### Activity
The answer must be the lines from the one containing "this 1920×900 image." through the last line of the data below, copied exactly, with nothing else.

Text-to-region grounding data:
==========
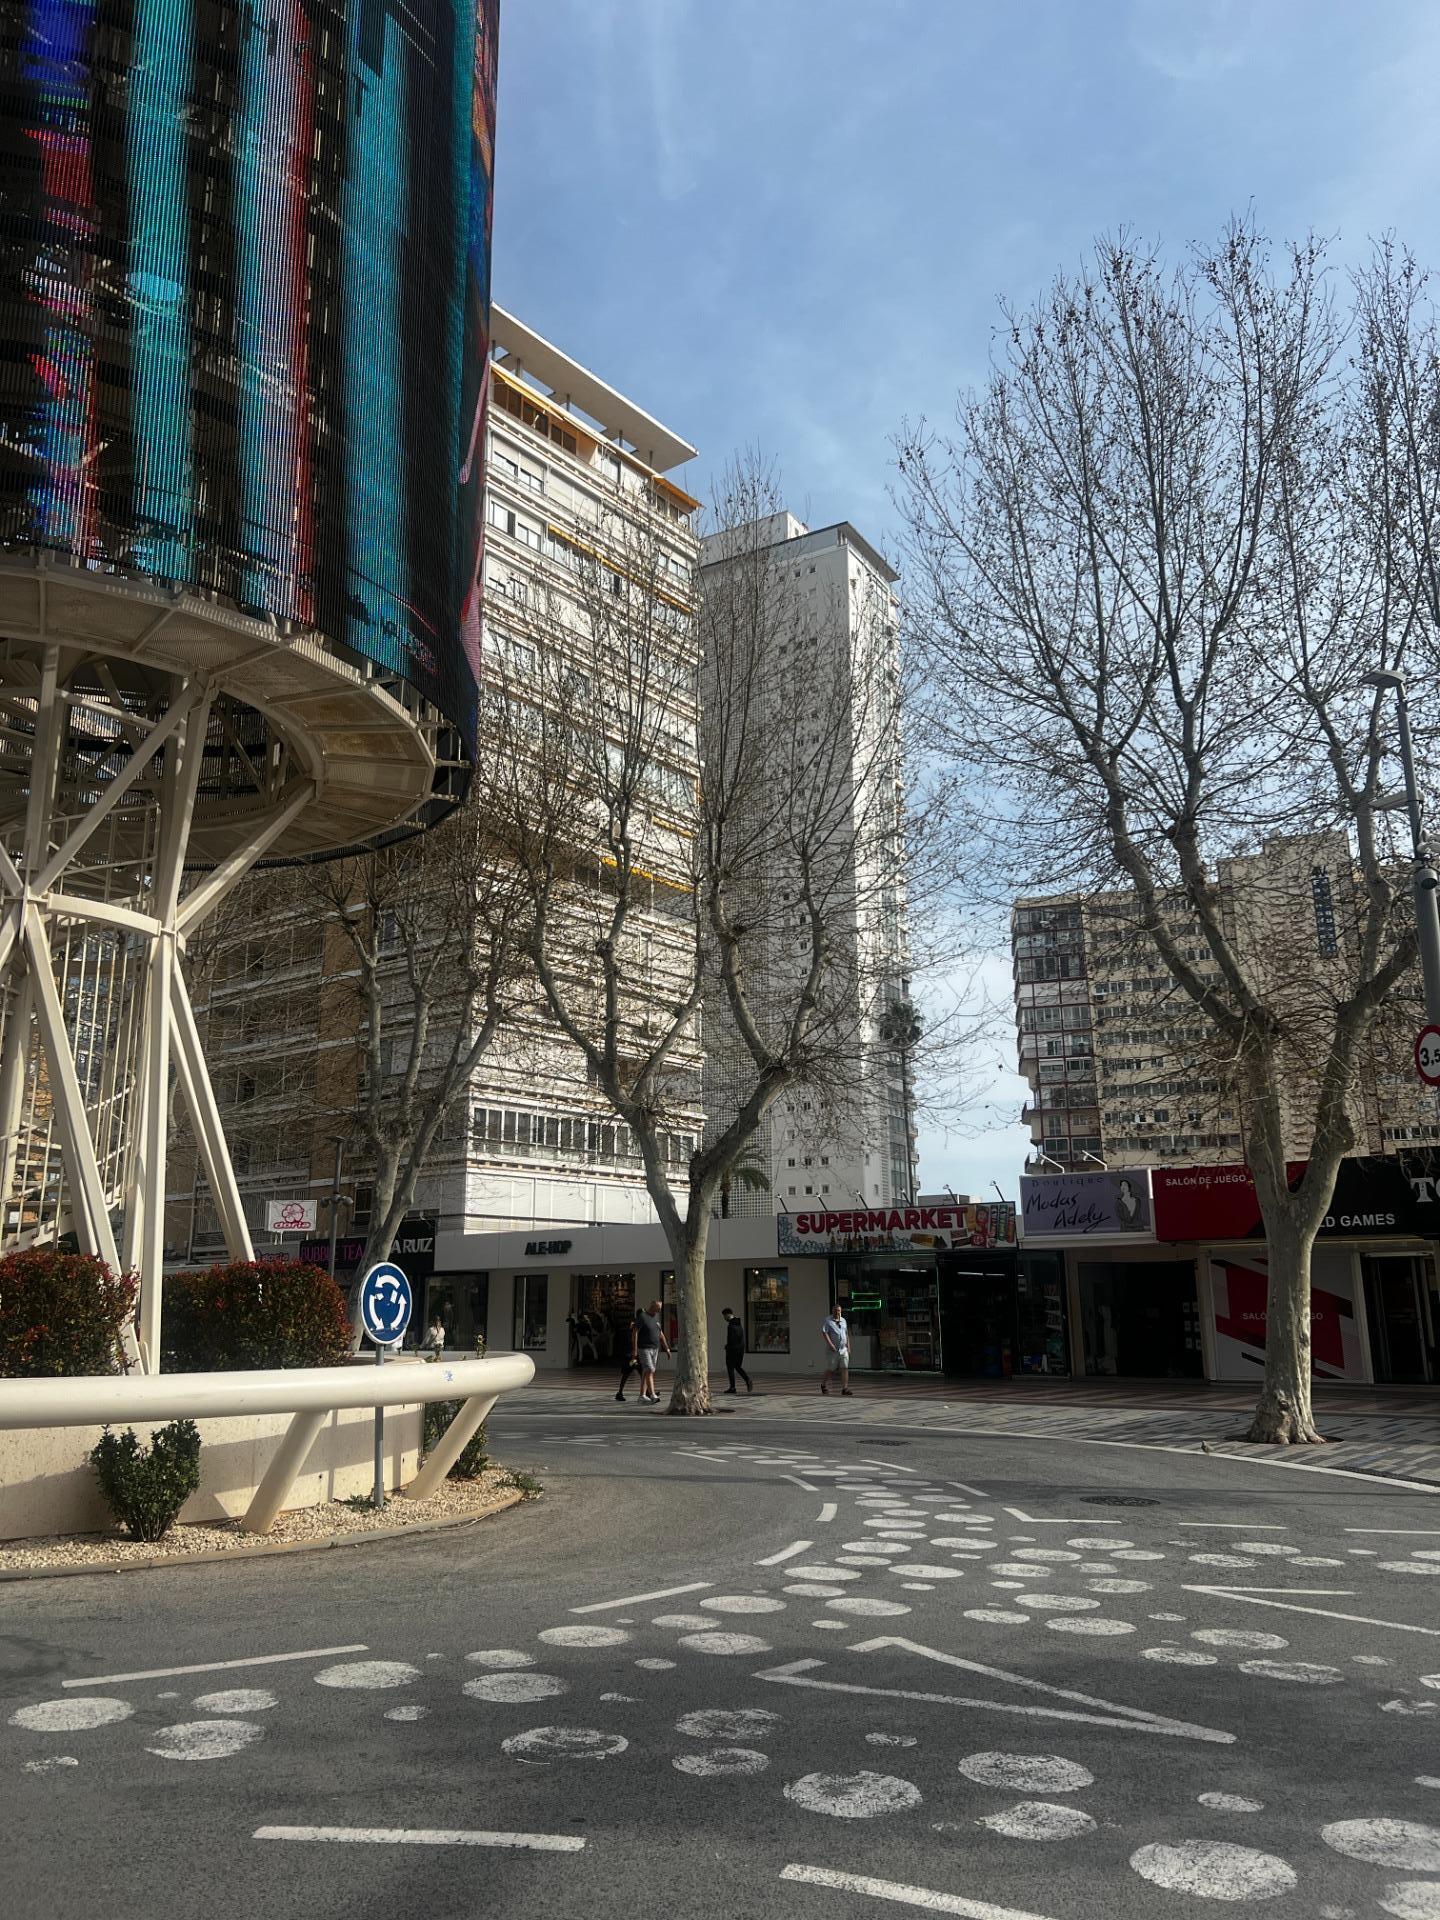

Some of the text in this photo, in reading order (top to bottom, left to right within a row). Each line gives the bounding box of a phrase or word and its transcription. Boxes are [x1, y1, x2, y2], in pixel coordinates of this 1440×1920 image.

[1165, 1174, 1247, 1187] SALÓN DE JUEGO
[1409, 1176, 1440, 1203] T
[1026, 1190, 1080, 1215] Modas
[274, 1221, 311, 1229] doria
[796, 1207, 968, 1234] SUPERMARKET
[1054, 1203, 1111, 1233] Adely
[1340, 1213, 1396, 1227] GAMES
[343, 1244, 363, 1260] TEA
[403, 1237, 434, 1254] RUIZ
[525, 1239, 572, 1255] ALE-HOP
[1242, 1310, 1267, 1320] SALÓ
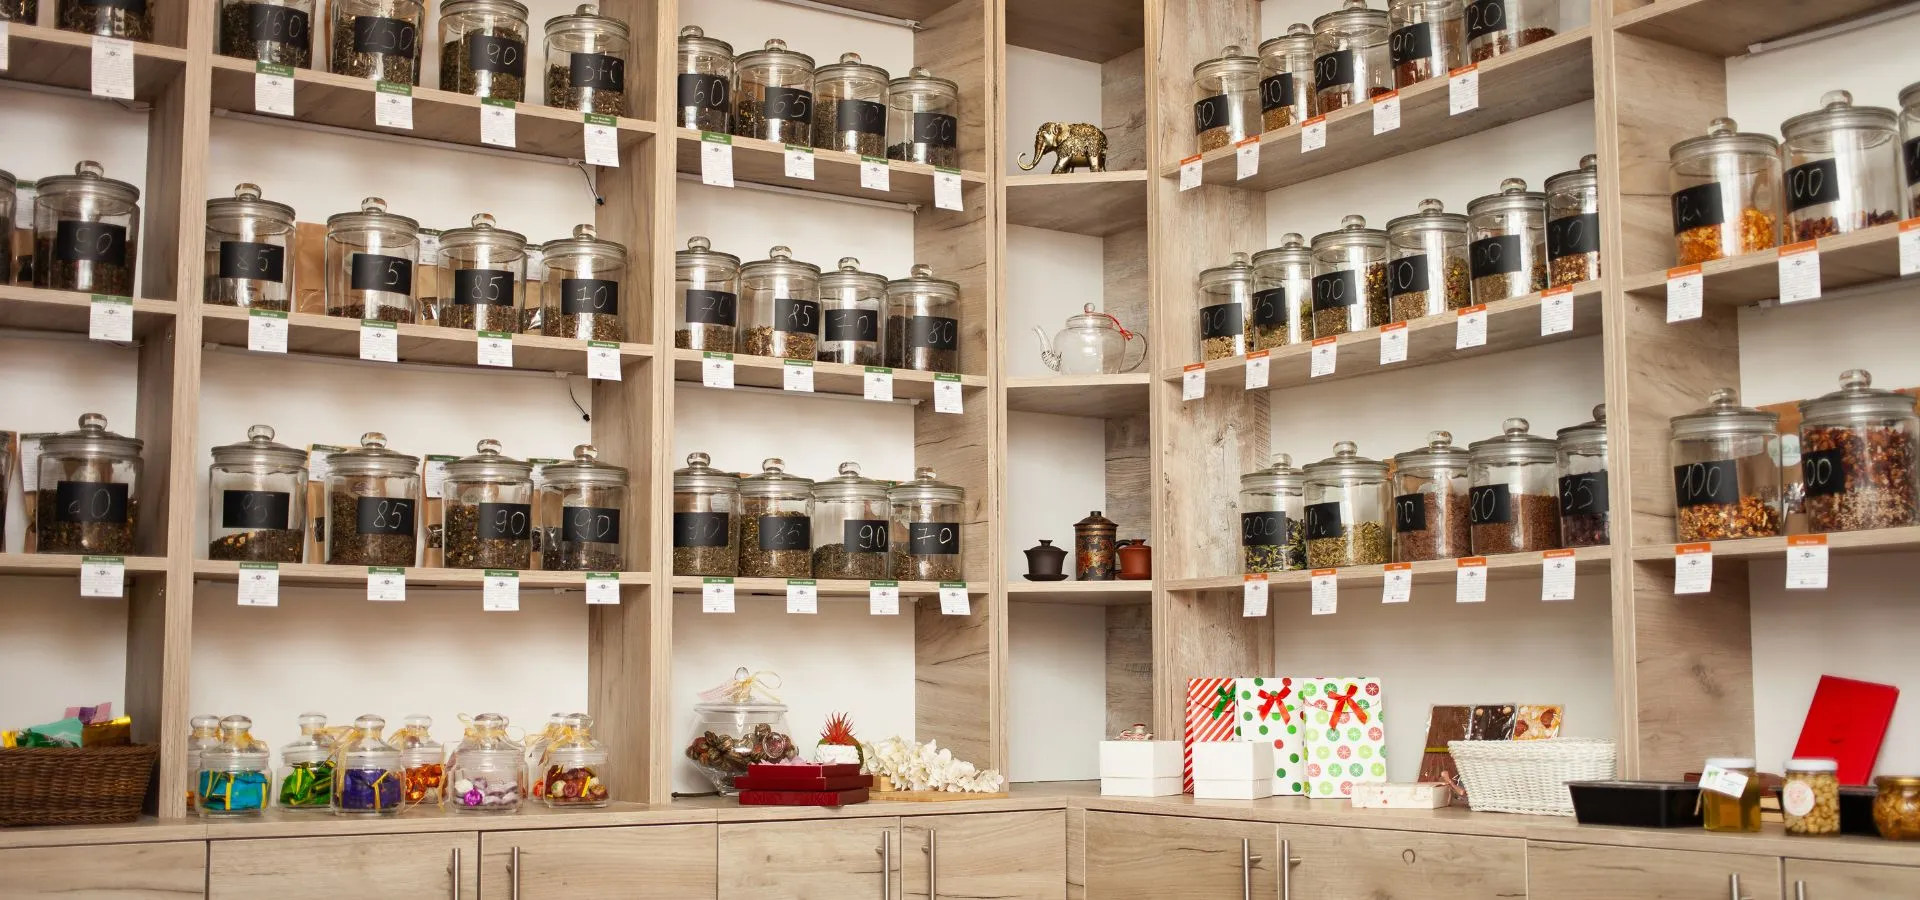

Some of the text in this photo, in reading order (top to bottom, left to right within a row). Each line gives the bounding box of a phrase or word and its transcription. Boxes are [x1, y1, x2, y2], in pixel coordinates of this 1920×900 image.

[694, 79, 724, 106] 60
[472, 275, 504, 301] 85
[576, 286, 608, 309] 70
[1682, 462, 1722, 501] 100
[373, 500, 408, 529] 85
[493, 509, 525, 535] 90
[574, 508, 610, 540] 90
[859, 524, 886, 549] 90
[916, 527, 952, 545] 70
[1244, 516, 1277, 540] 200
==========
### Result
Some of the text in this photo, in reading order (top to bottom, left to right within a row). Each line gives the bounding box of a phrase or word and its transcription. Boxes are [x1, y1, x2, y2], in pixel coordinates of this 1920×900 image.

[694, 79, 724, 106] 60
[472, 275, 504, 301] 85
[576, 286, 608, 309] 70
[1682, 462, 1722, 501] 100
[373, 500, 408, 529] 85
[493, 509, 525, 535] 90
[574, 508, 610, 540] 90
[859, 524, 886, 549] 90
[916, 527, 952, 545] 70
[1244, 516, 1277, 540] 200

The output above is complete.